C-reactive protein promotes acute kidney injury via Smad3-dependent inhibition of CDK2/cyclin E

2016 
Acute kidney injury (AKI) is exacerbated in C-reactive protein transgenic mice but alleviated in Smad3 knockout mice. Here we used C-reactive protein transgenic/Smad3 wild-type and C-reactive protein transgenic/Smad3 knockout mice to investigate the signaling mechanisms by which C-reactive protein promotes AKI. Serum creatinine was elevated, and the extent of tubular epithelial cell necrosis following ischemia/reperfusion-induced AKI was greater in C-reactive protein transgenics but was blunted when Smad3 was deleted. Exacerbation of AKI in C-reactive protein transgenics was associated with increased TGF-β/Smad3 signaling and expression of the cyclin kinase inhibitor p27, but decreased phosphorylated CDK2 and expression of cyclin E. Concomitantly, tubular epithelial cell proliferation was arrested at the G1 phase in C-reactive protein transgenics with fewer cells entering the S-phase cell cycle as evidenced by fewer bromodeoxyuridine-positive cells.

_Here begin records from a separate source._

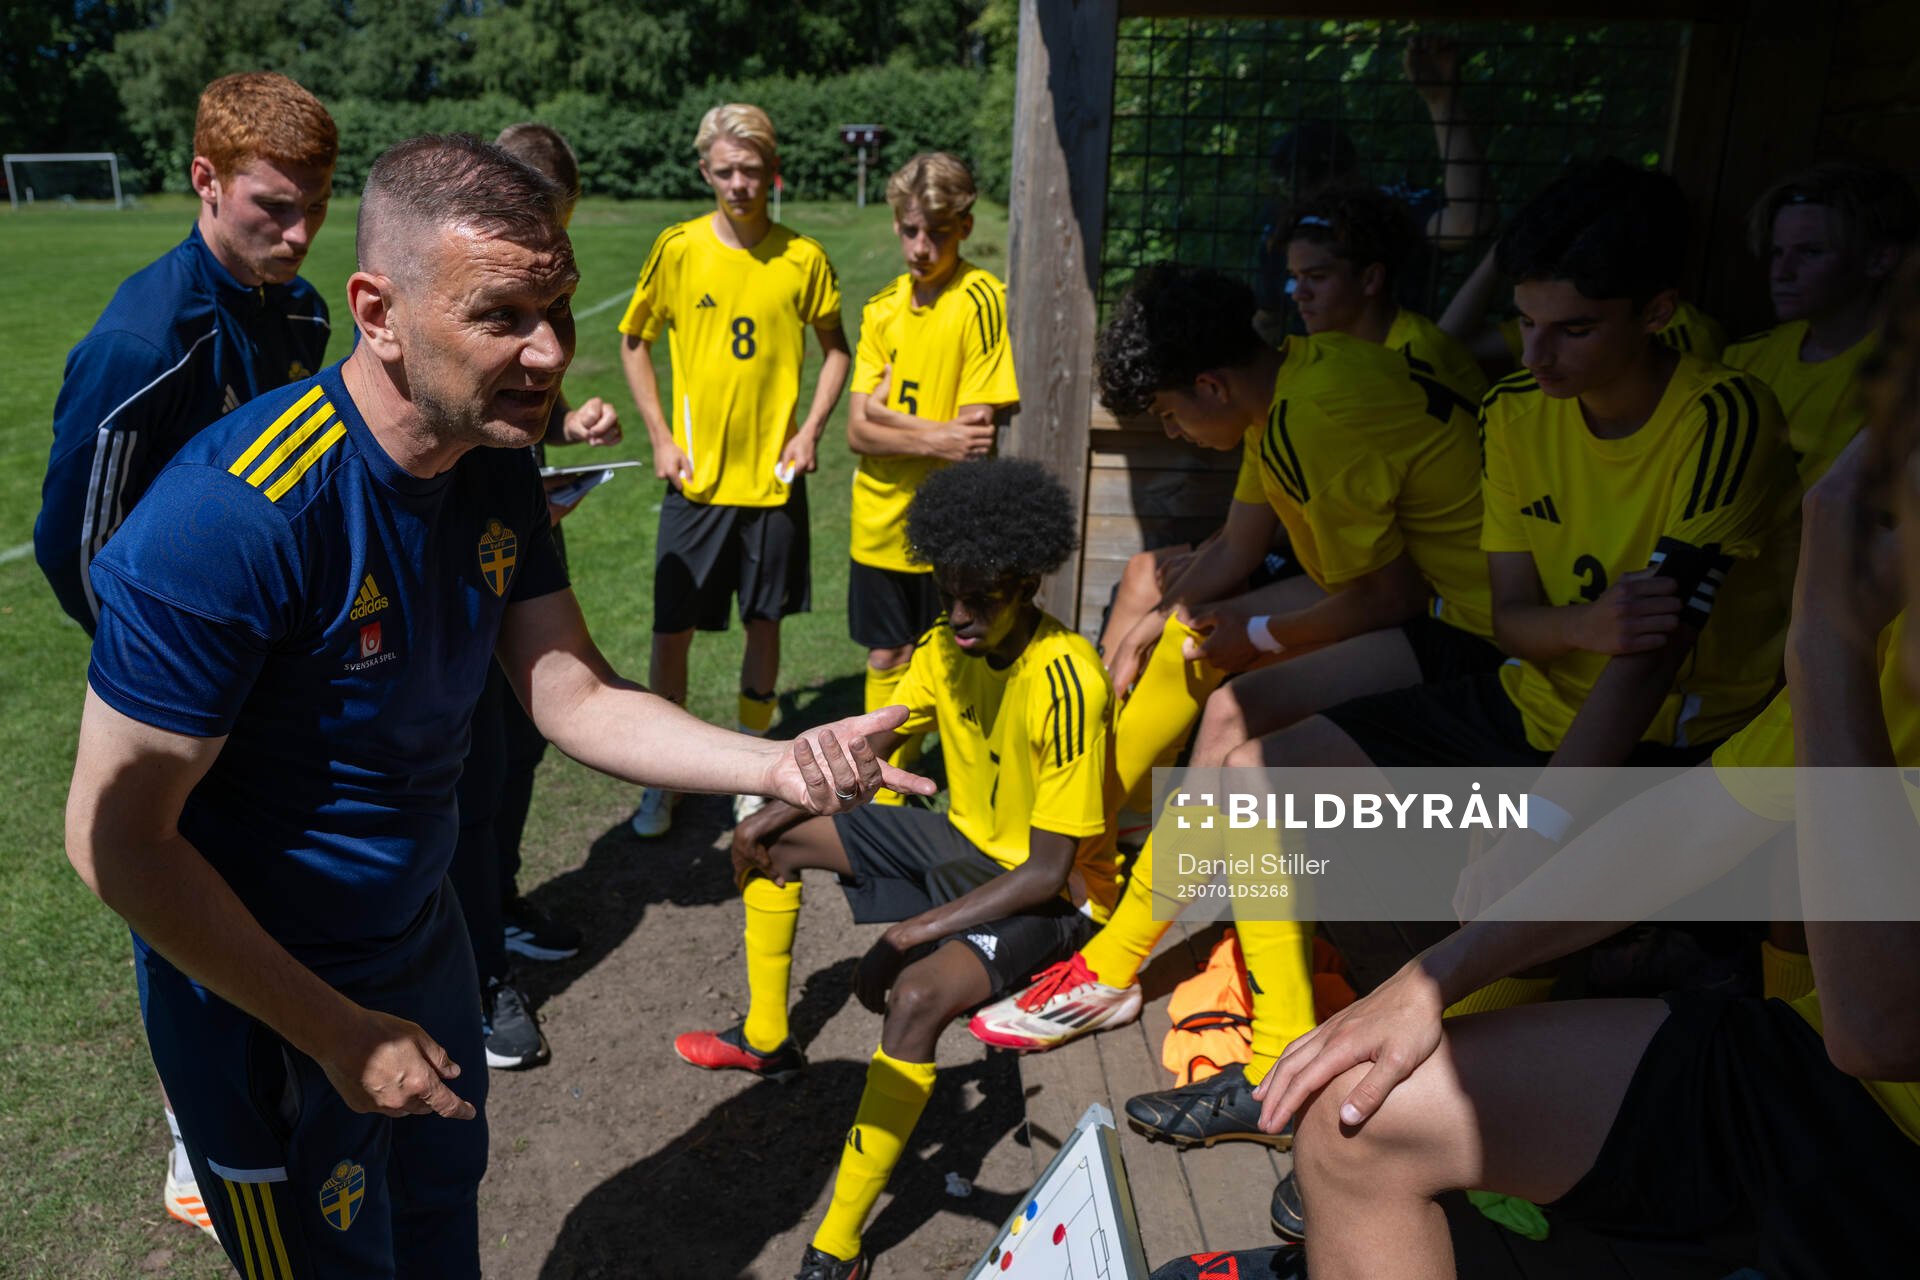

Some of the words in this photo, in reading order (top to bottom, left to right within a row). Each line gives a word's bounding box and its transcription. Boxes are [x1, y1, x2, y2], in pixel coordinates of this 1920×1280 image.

[731, 316, 757, 361] 8
[898, 379, 920, 416] 5
[349, 596, 389, 621] adidas
[343, 656, 379, 671] SVENSKA
[379, 651, 397, 663] SPEL
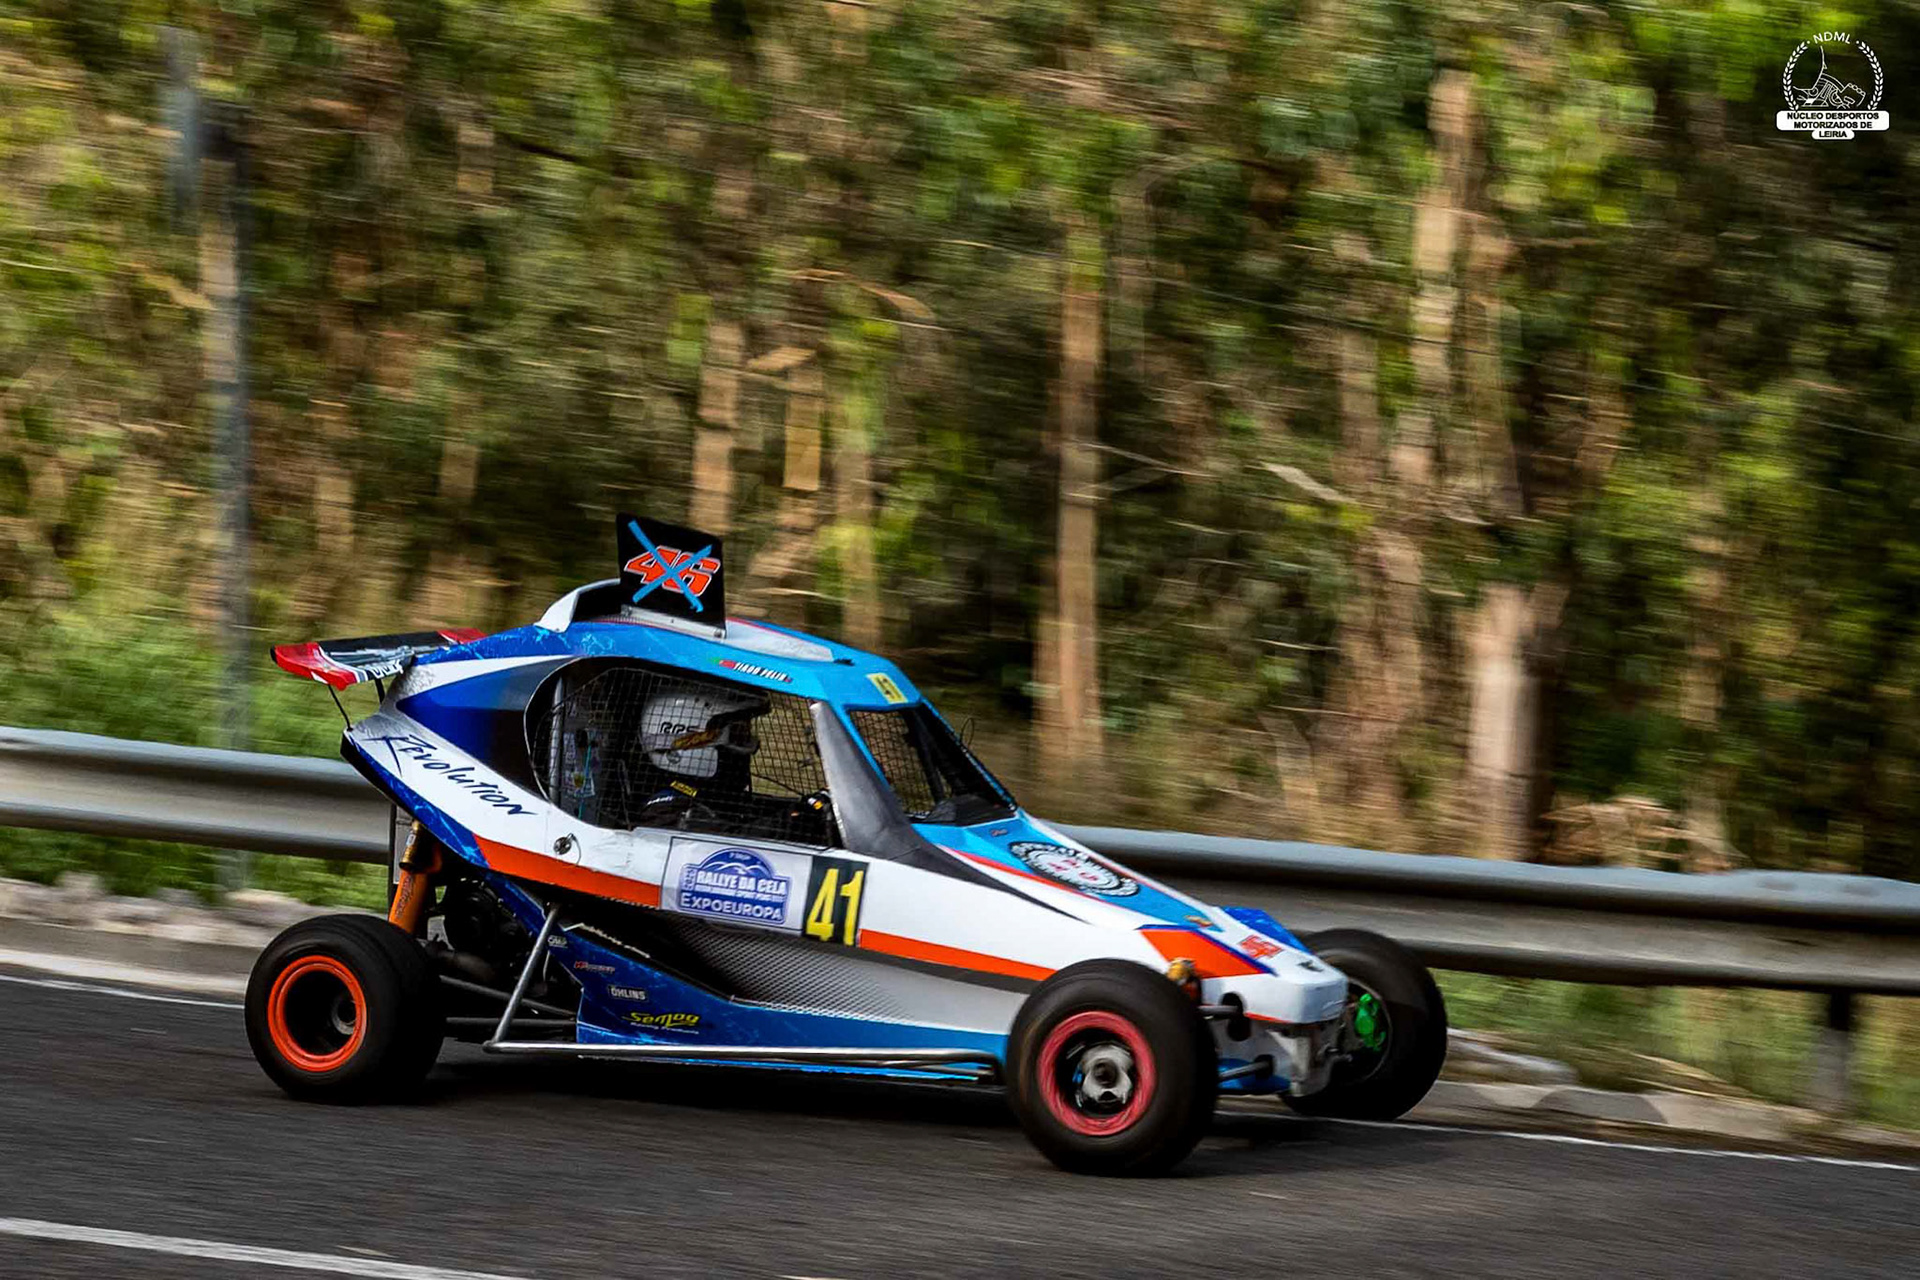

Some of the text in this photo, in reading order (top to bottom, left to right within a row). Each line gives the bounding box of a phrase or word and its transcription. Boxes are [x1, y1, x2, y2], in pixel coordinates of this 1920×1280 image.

In contrast, the protection from AKI in C-reactive protein transgenic/Smad3 knockout mice was associated with decreased expression of p27 and promotion of CDK2/cyclin E–dependent G1/S transition of tubular epithelial cells. In vitro studies using tubular epithelial cells showed that C-reactive protein activates Smad3 via both TGF-β–dependent and ERK/MAPK cross talk mechanisms, Smad3 bound directly to p27, and blockade of Smad3 or the Fc receptor CD32 prevented C-reactive protein–induced p27-dependent G1 cell cycle arrest. In vivo , treatment of C-reactive protein transgenics with a Smad3 inhibitor largely improved AKI outcomes. Thus, C-reactive protein may promote AKI by impairing tubular epithelial cell regeneration via the CD32-Smad3-p27–driven inhibition of the CDK2/cyclin E complex. Targeting Smad3 may offer a new treatment approach for AKI.